Start of EXERCISE MATERIAL

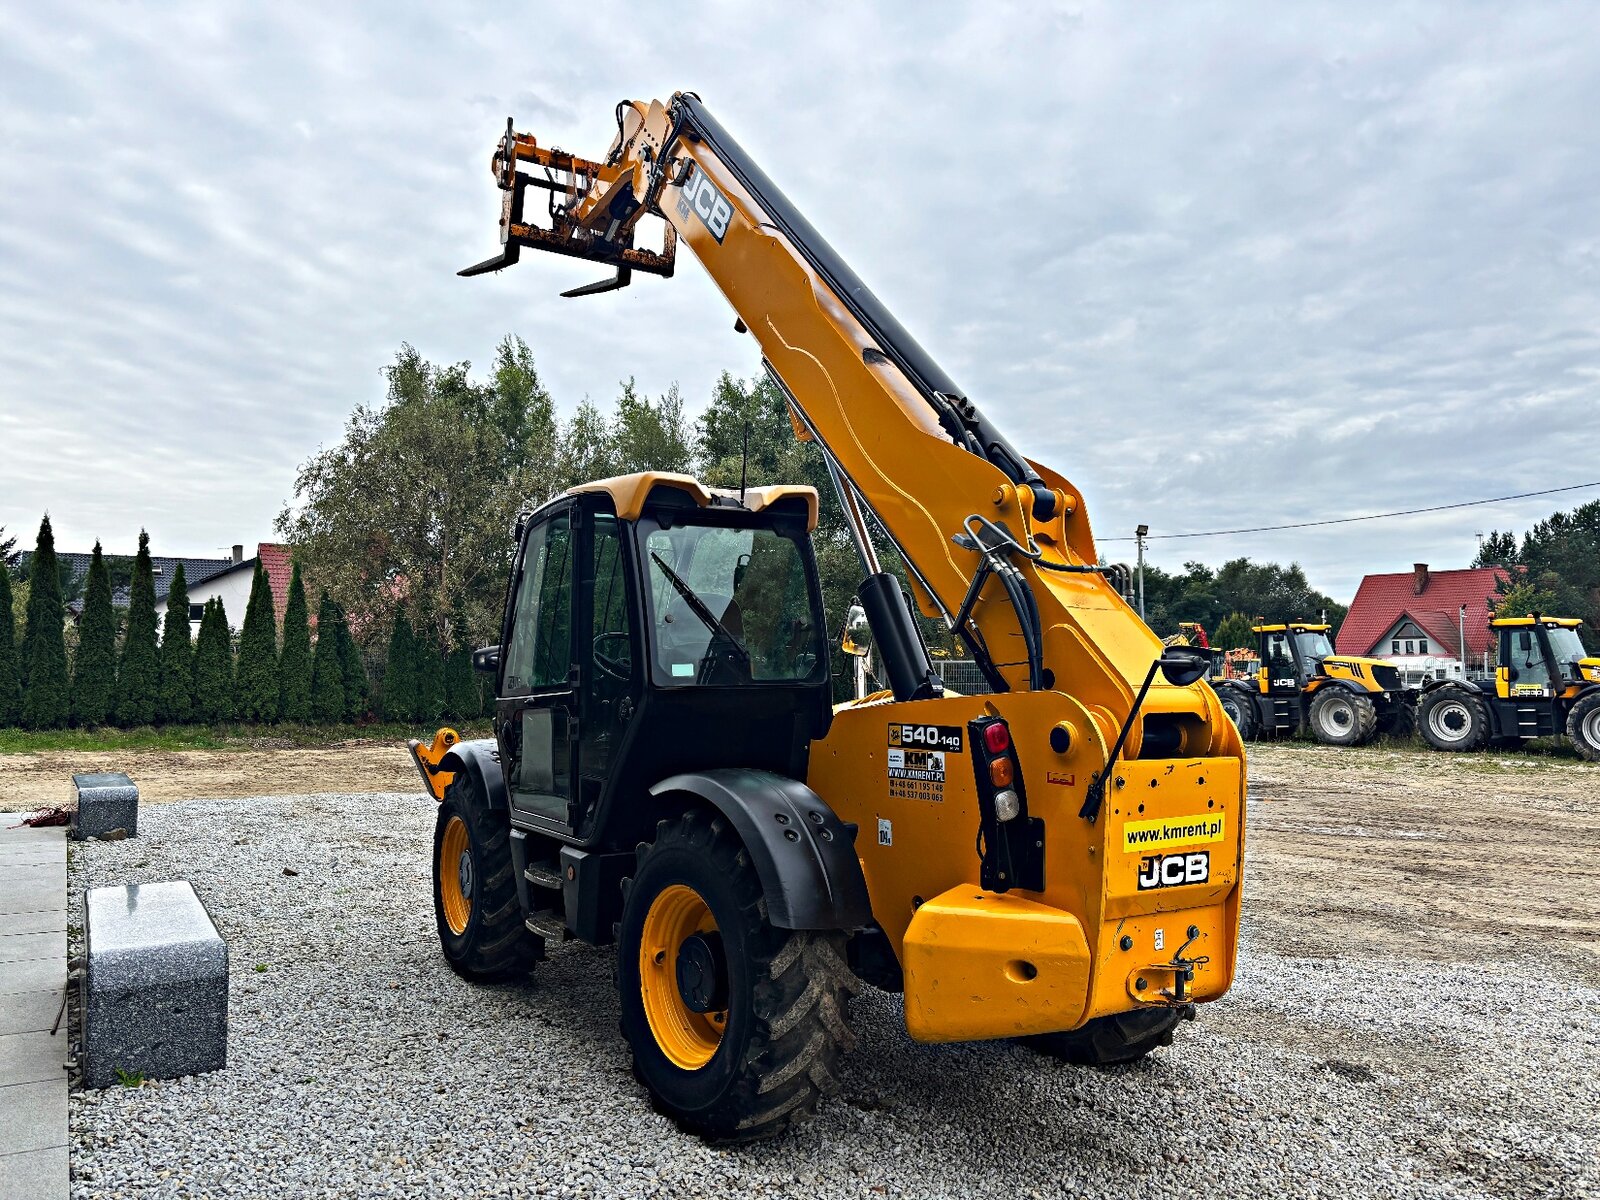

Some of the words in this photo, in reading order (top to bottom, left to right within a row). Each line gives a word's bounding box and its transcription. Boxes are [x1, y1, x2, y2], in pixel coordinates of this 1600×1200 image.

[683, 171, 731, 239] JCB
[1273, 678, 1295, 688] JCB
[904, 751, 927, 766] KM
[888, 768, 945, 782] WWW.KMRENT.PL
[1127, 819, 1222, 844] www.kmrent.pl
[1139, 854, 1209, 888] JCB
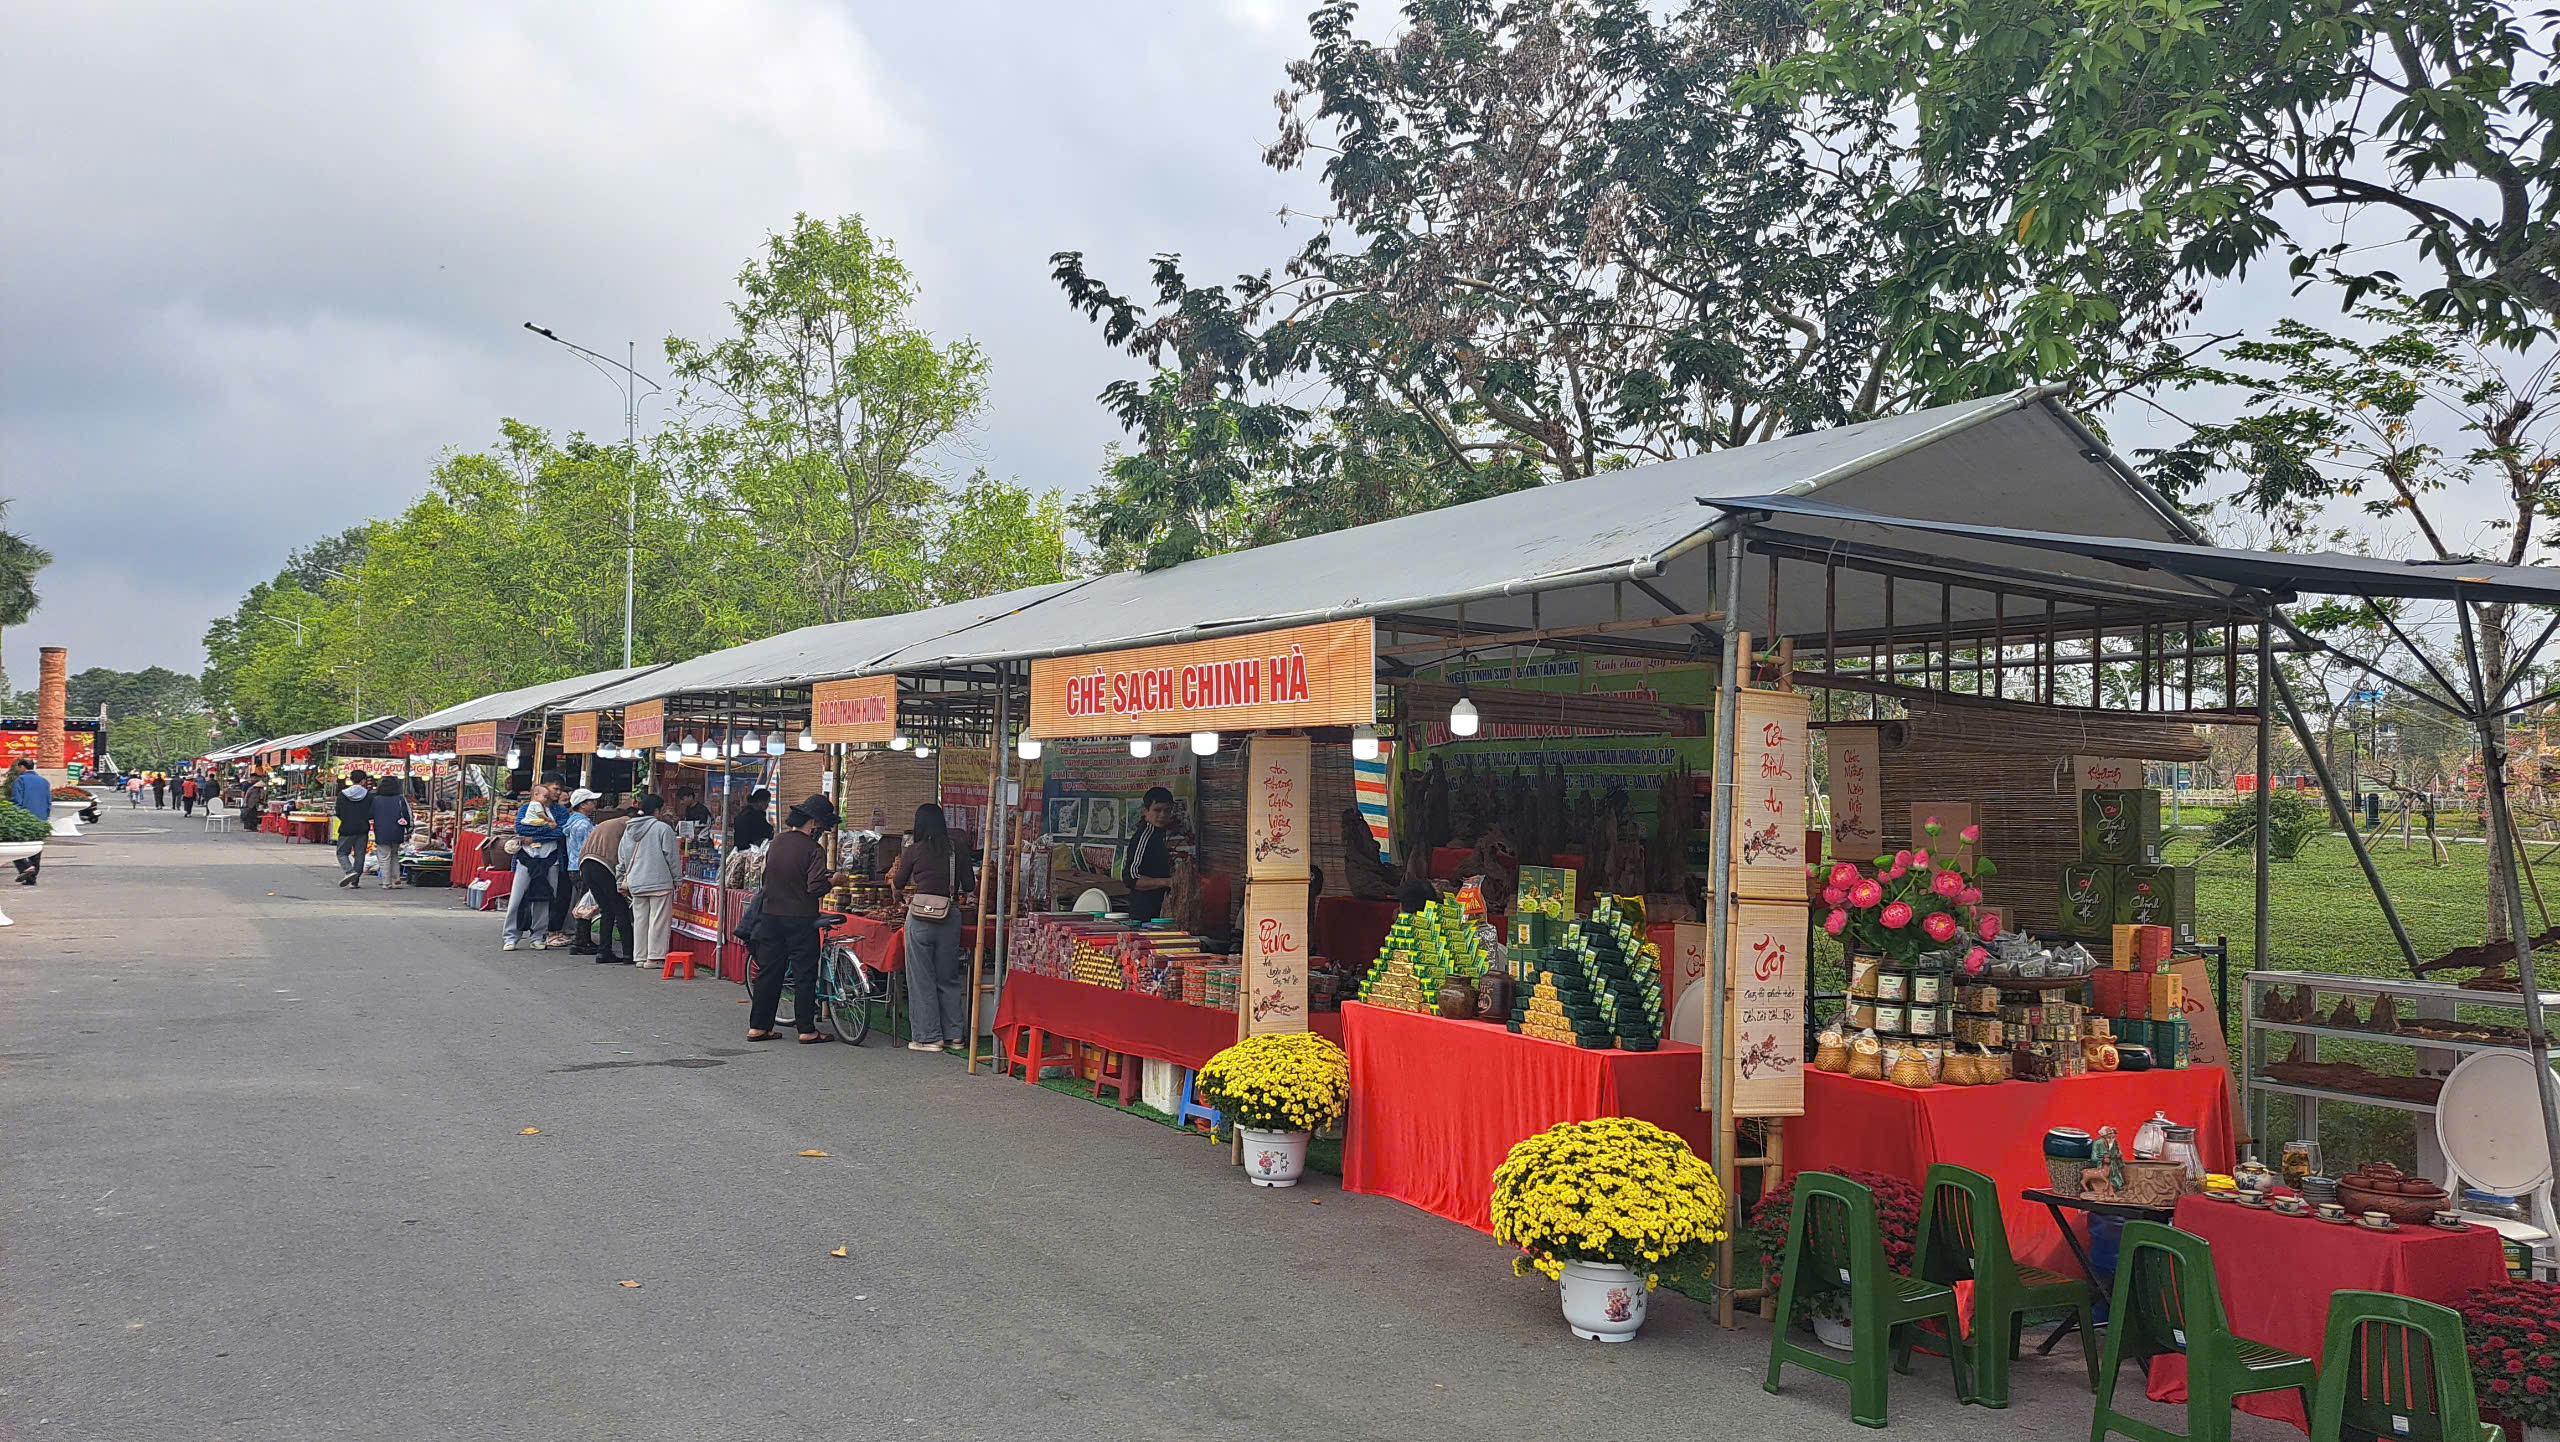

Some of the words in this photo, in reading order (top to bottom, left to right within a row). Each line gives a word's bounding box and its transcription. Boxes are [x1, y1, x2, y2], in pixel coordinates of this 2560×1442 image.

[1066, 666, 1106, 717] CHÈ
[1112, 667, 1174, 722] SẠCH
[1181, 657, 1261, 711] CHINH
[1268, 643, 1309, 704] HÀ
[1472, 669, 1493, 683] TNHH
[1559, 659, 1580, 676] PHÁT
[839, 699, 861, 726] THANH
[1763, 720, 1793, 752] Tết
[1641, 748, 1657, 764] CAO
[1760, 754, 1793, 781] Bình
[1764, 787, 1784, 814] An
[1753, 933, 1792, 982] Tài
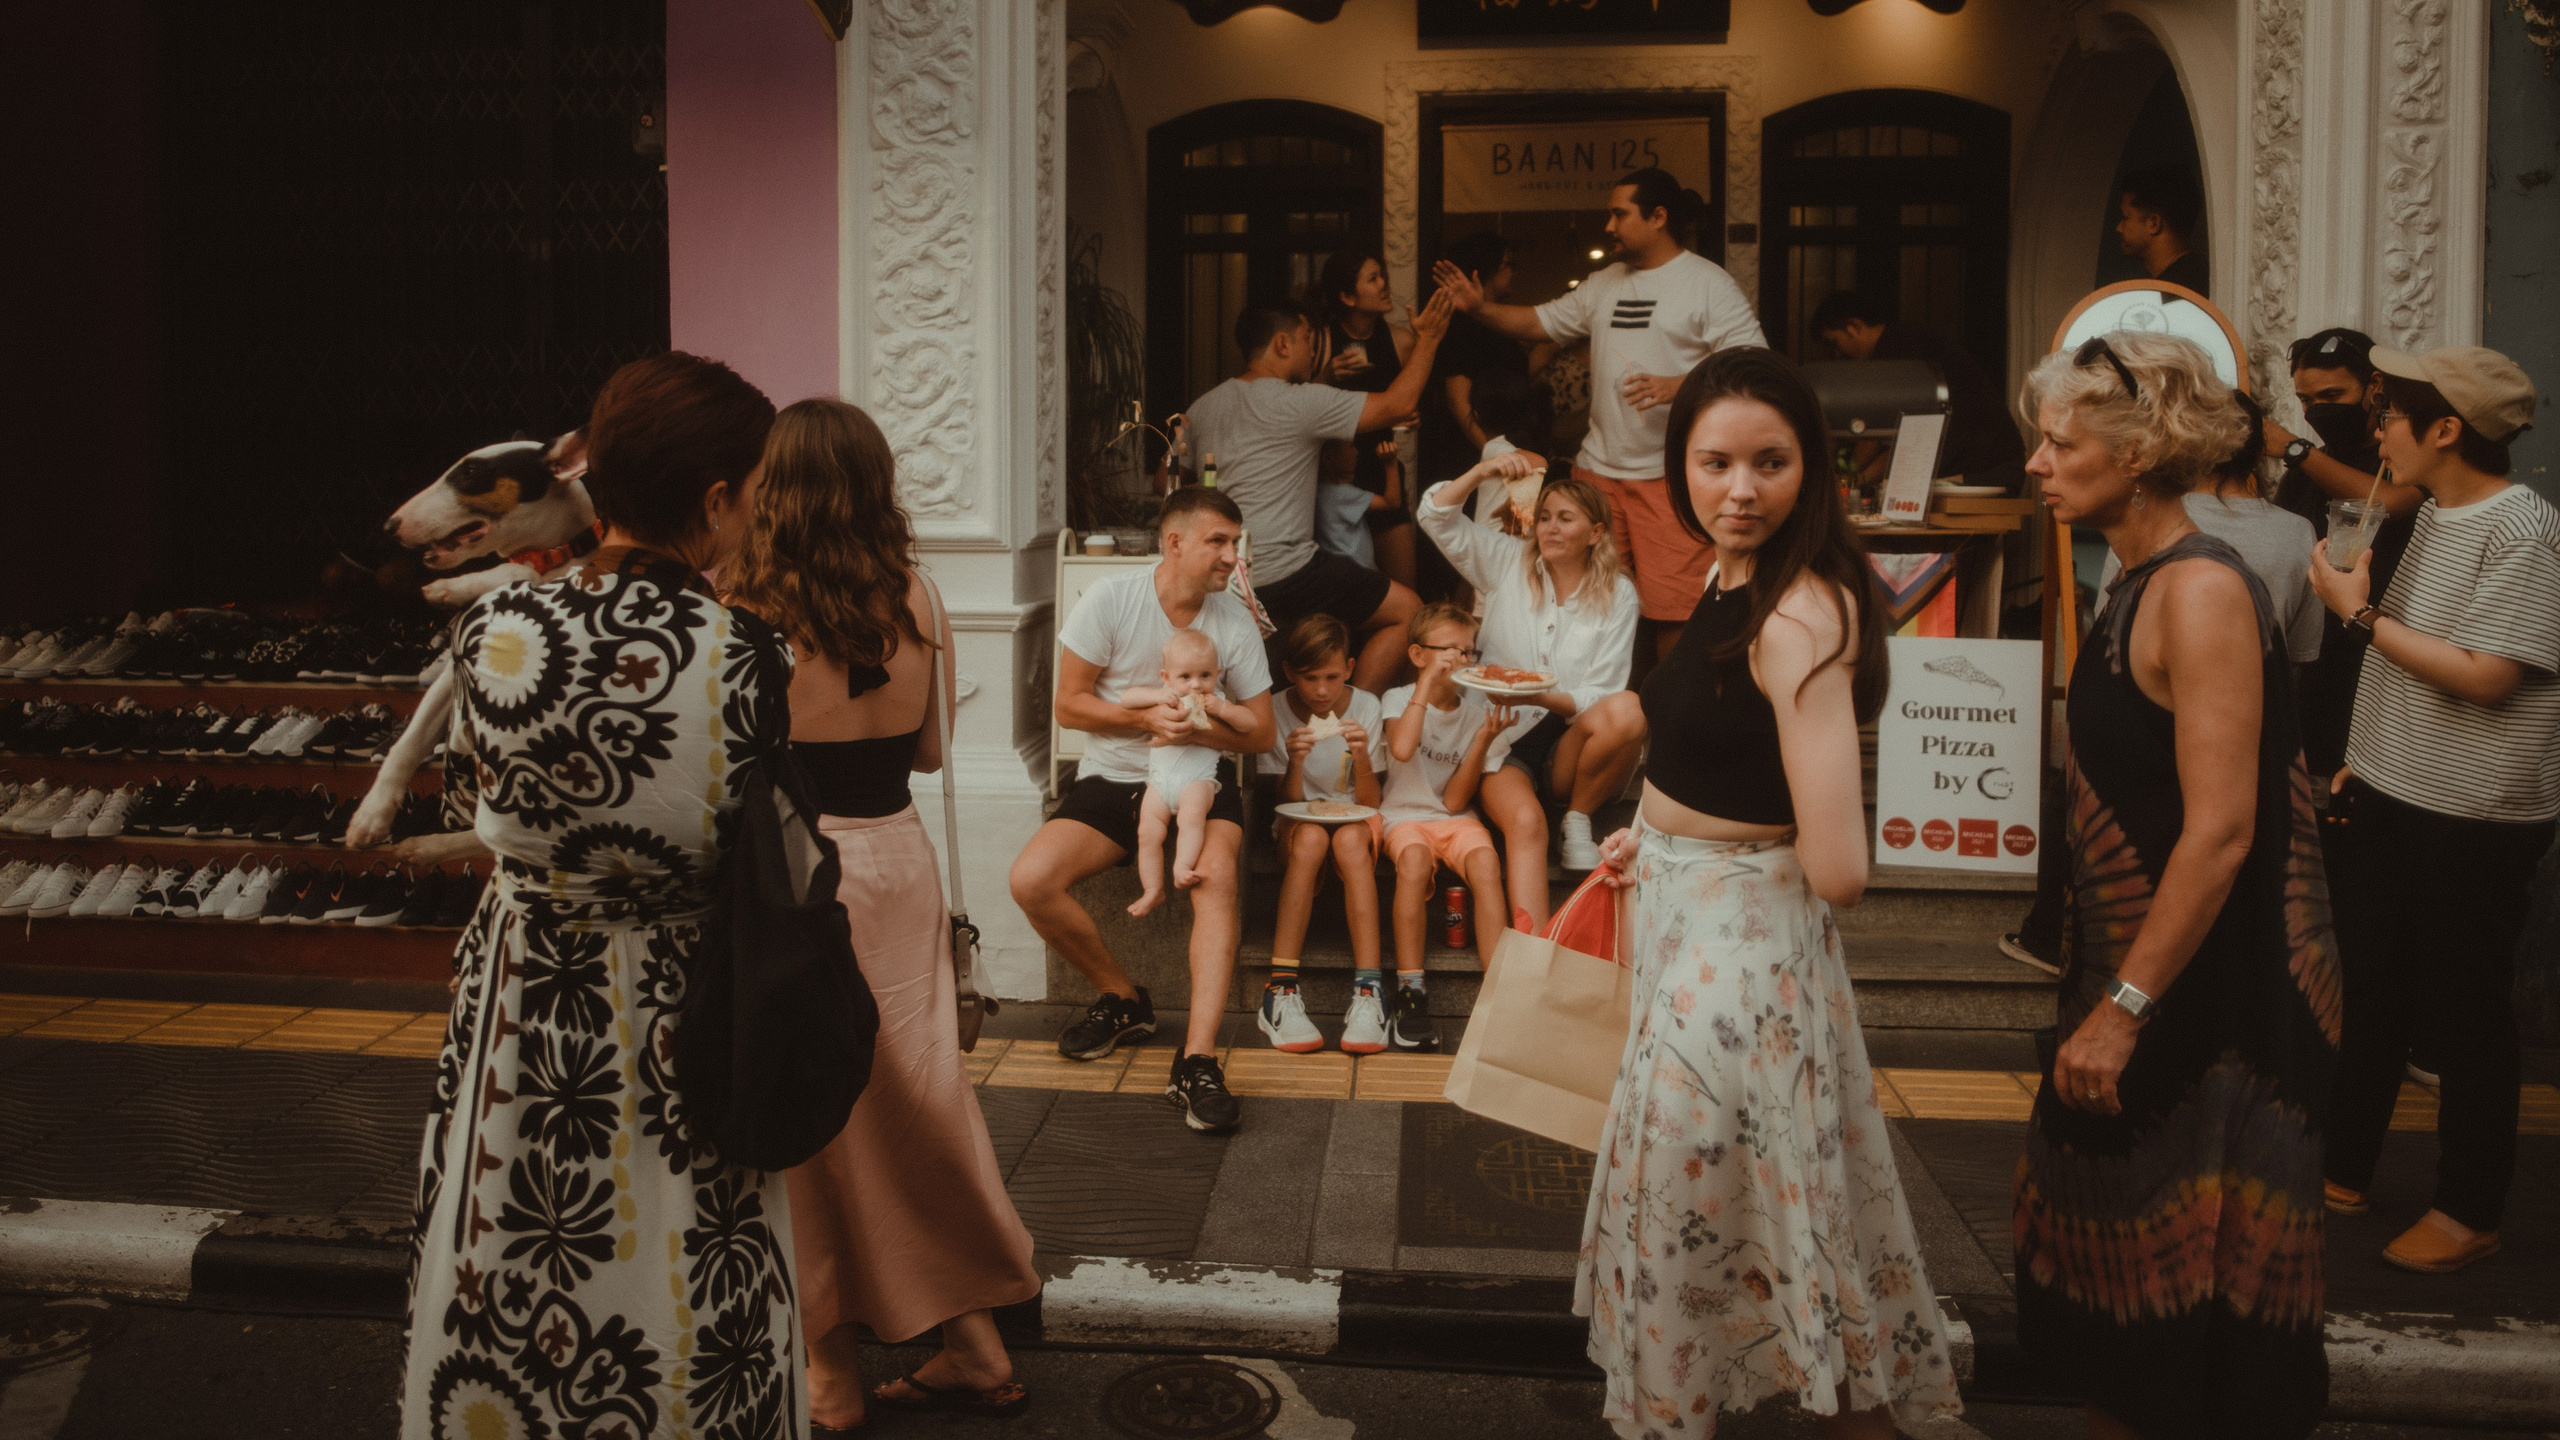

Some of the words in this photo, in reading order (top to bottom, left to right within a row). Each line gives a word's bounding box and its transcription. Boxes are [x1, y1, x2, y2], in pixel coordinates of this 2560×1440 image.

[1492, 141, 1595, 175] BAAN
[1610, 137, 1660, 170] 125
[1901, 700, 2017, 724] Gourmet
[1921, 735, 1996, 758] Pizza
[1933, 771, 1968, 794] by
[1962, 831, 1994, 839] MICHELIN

End of EXERCISE MATERIAL

● TASK ITEM: The entries above need to be repeated word for word, minus their pictures.

● WORKED SOLUTION:
Some of the words in this photo, in reading order (top to bottom, left to right within a row). Each line gives a word's bounding box and its transcription. Boxes are [x1, y1, x2, y2], in pixel coordinates of this 1600×1200 image.

[683, 171, 731, 239] JCB
[1273, 678, 1295, 688] JCB
[904, 751, 927, 766] KM
[888, 768, 945, 782] WWW.KMRENT.PL
[1127, 819, 1222, 844] www.kmrent.pl
[1139, 854, 1209, 888] JCB

Some of the words in this photo, in reading order (top to bottom, left to right within a row). Each line gives a word's bounding box and its transcription. Boxes are [x1, y1, x2, y2], in pixel coordinates of this 2560×1442 image.

[1066, 666, 1106, 717] CHÈ
[1112, 667, 1174, 722] SẠCH
[1181, 657, 1261, 711] CHINH
[1268, 643, 1309, 704] HÀ
[1472, 669, 1493, 683] TNHH
[1559, 659, 1580, 676] PHÁT
[839, 699, 861, 726] THANH
[1763, 720, 1793, 752] Tết
[1641, 748, 1657, 764] CAO
[1760, 754, 1793, 781] Bình
[1764, 787, 1784, 814] An
[1753, 933, 1792, 982] Tài

Some of the words in this photo, in reading order (top to bottom, left to right within a row). Each line gives a word's bounding box and its transcription. Boxes are [x1, y1, x2, y2], in pixel coordinates of this 2560×1440 image.

[1492, 141, 1595, 175] BAAN
[1610, 137, 1660, 170] 125
[1901, 700, 2017, 724] Gourmet
[1921, 735, 1996, 758] Pizza
[1933, 771, 1968, 794] by
[1962, 831, 1994, 839] MICHELIN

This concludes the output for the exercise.